What is SOX?

The Sarbanes-Oxley Act of 2002 (SOX) is a federal law of the United States. SOX was passed by the United States Congress and subsequently signed into law by President George W. Bush. Co-sponsored by Senators Paul Sarbanes and Michael Oxley, SOX was designed to improve the accuracy and reliability of corporate disclosures in financial statements and to protect investors from fraudulent accounting practices. The bill was introduced following the Enron Corporation, WorldCom, and Tyco International fraud and accounting scandals in the early 2000s.
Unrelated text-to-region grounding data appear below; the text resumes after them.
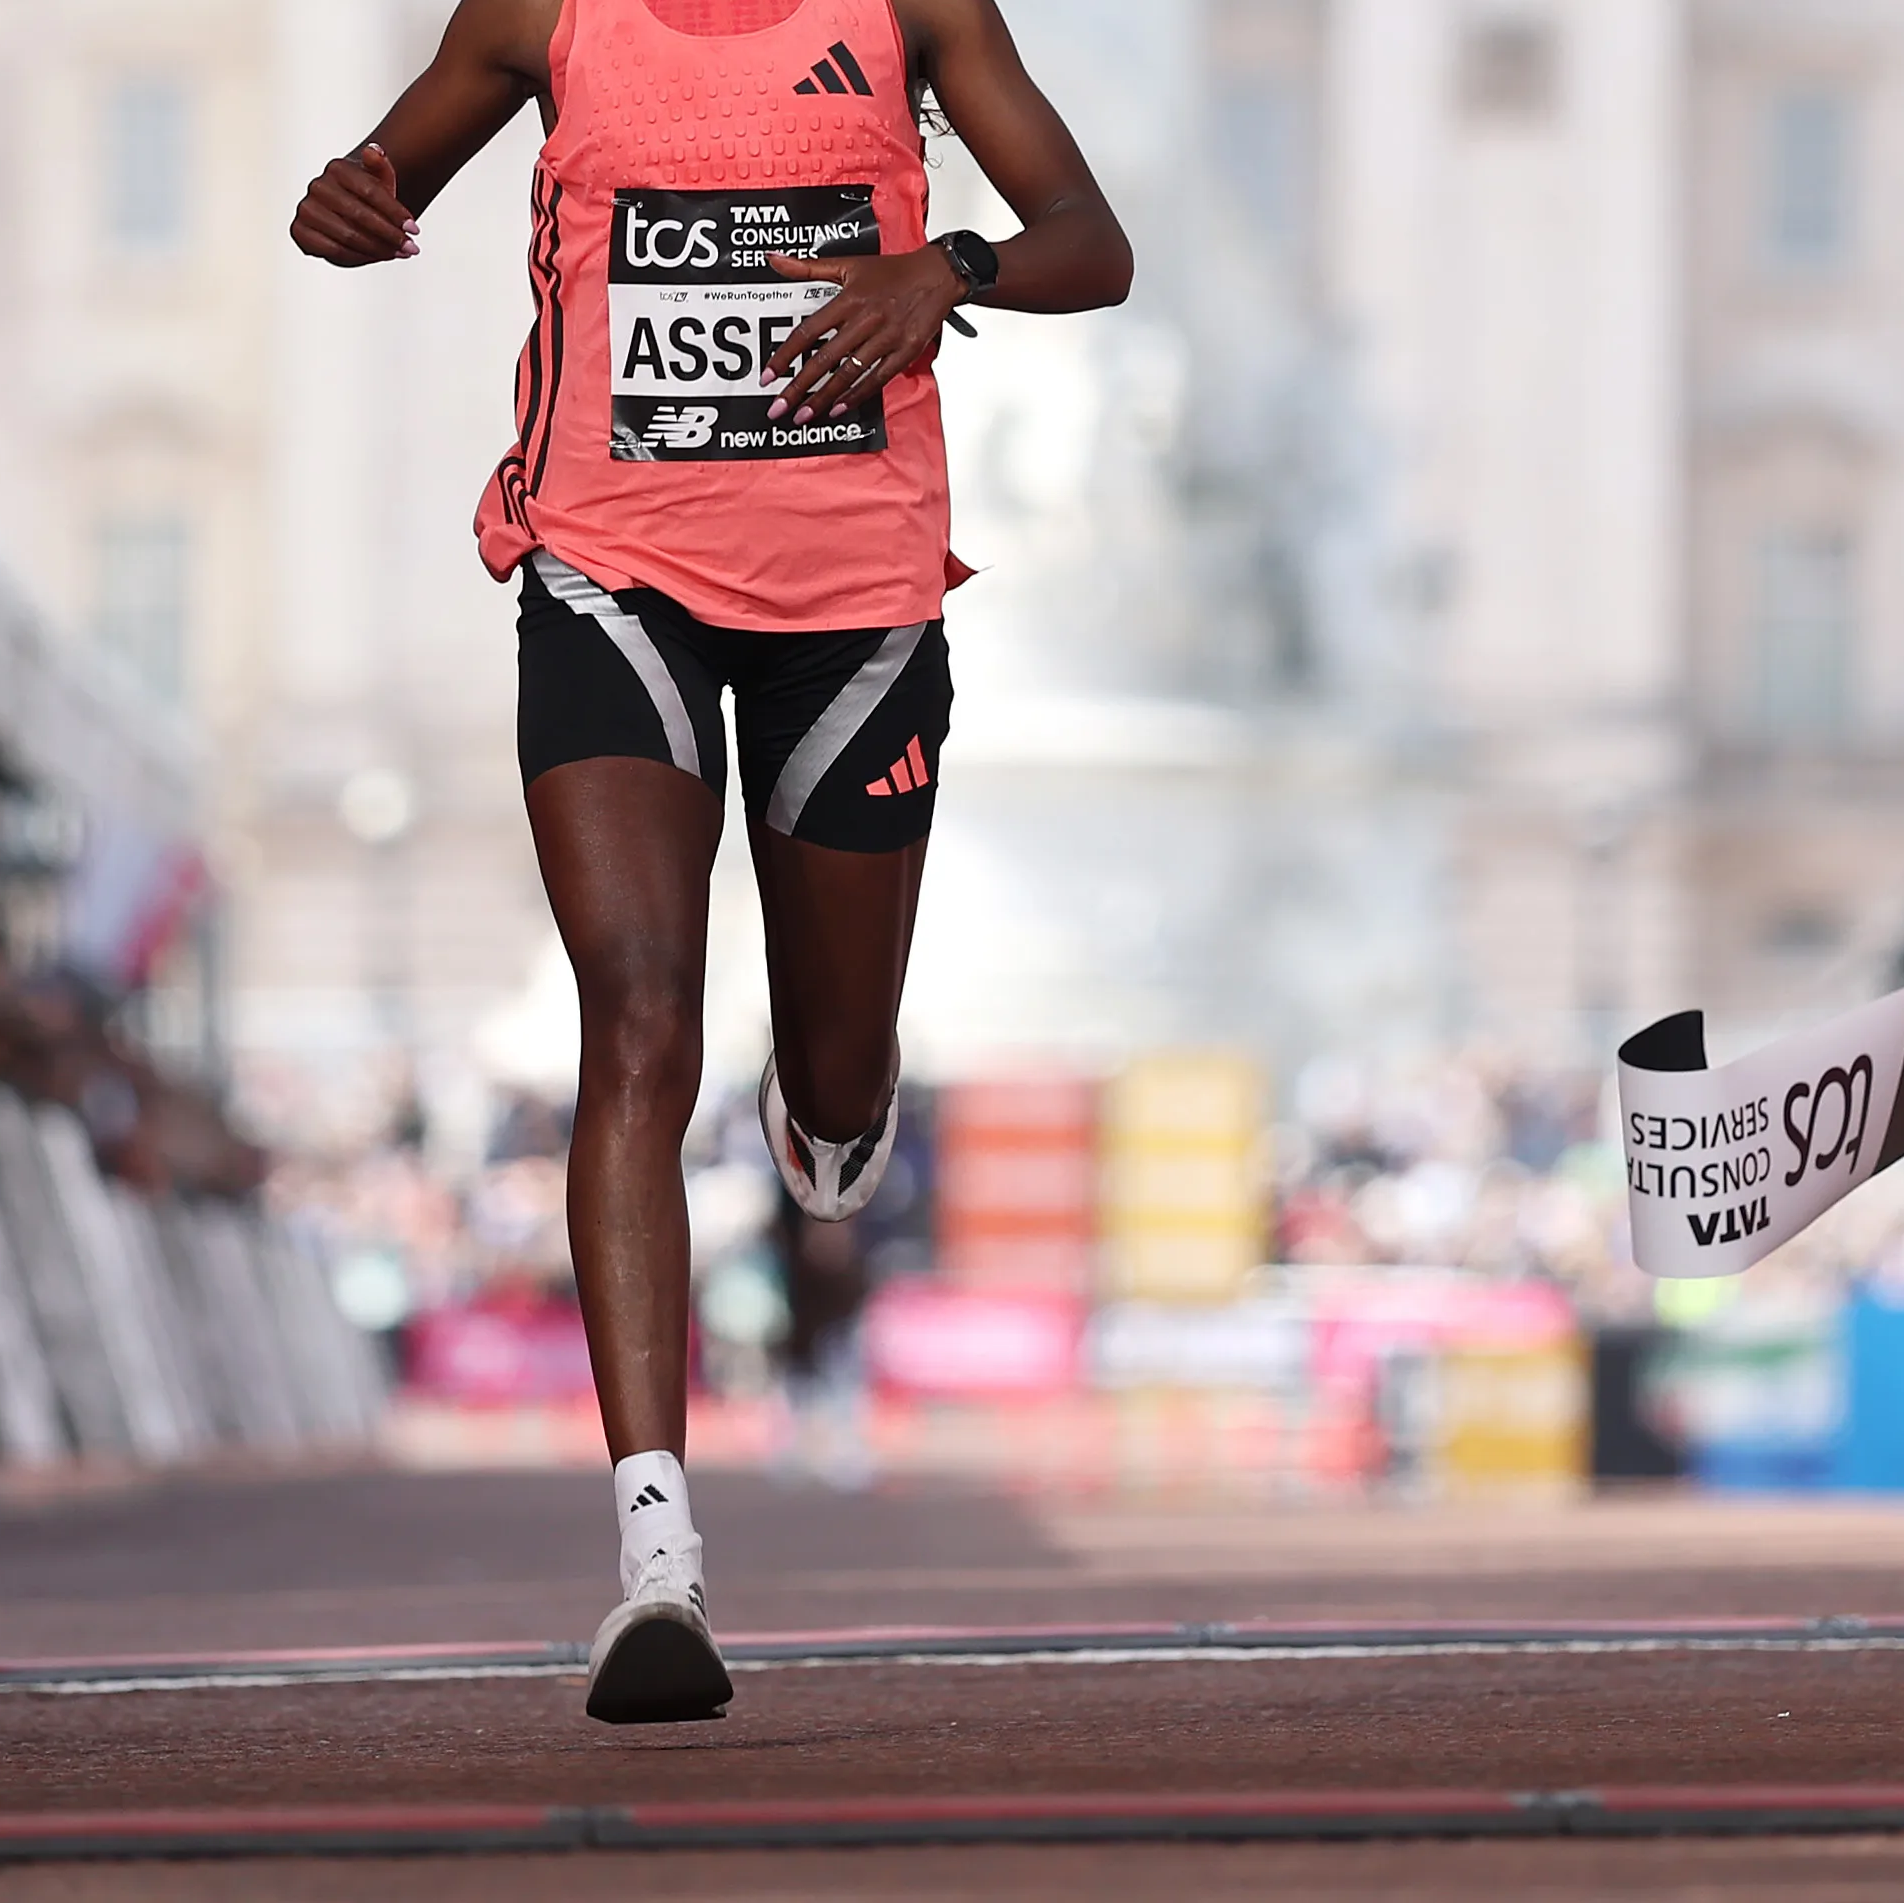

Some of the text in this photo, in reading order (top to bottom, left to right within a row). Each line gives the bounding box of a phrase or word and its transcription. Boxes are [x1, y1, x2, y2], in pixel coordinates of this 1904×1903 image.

[730, 205, 791, 223] TATA
[730, 221, 860, 246] CONSULTANCY
[625, 206, 719, 268] tcs
[703, 290, 794, 303] #WeRunTogether
[720, 421, 863, 448] new balance
[1630, 1096, 1770, 1151] SERVICES
[1783, 1053, 1873, 1187] tcs
[1686, 1195, 1771, 1247] TATA
The SOX regulation has eleven titles, which are further organized into sections, that set forth new or overhauled existing requirements for companies and public accounting firms. Titles 1 and 2 of the Act created the Public Company Accounting Oversight Board (PCAOB) to oversee the activities of audit firms and established requirements for external auditor independence. Titles 3 and 4, which contain some of the key provisions of SOX, require senior management to attest to the accuracy of a company’s reported financial statements (Section 302) and require the establishment of internal controls and reporting on the adequacy of the established controls (Section 404). Titles 5, 6, and 7 focus on requirements for securities analysts and requires the Securities and Exchange Commission (SEC) to conduct various studies and report on the results for topics such as securities violations, enforcement actions and other topics. Titles 8 – 11 cover penalties for destroying, manipulating or altering financial records, establishes activities such as the failure to certify financial reports and corporate fraud as criminal offenses and establishes whistleblower protections. Finally, these sections require that the company’s Chief Executive Officer sign the corporation’s tax return.

While the SOX regulation is extensive, the most significant sections are Section 302 which requires senior management to certify the accuracy of a company’s reported financial statements and Section 404 which requires establishment, testing, and reporting on internal controls over financial reporting and the adequacy of the internal control environment.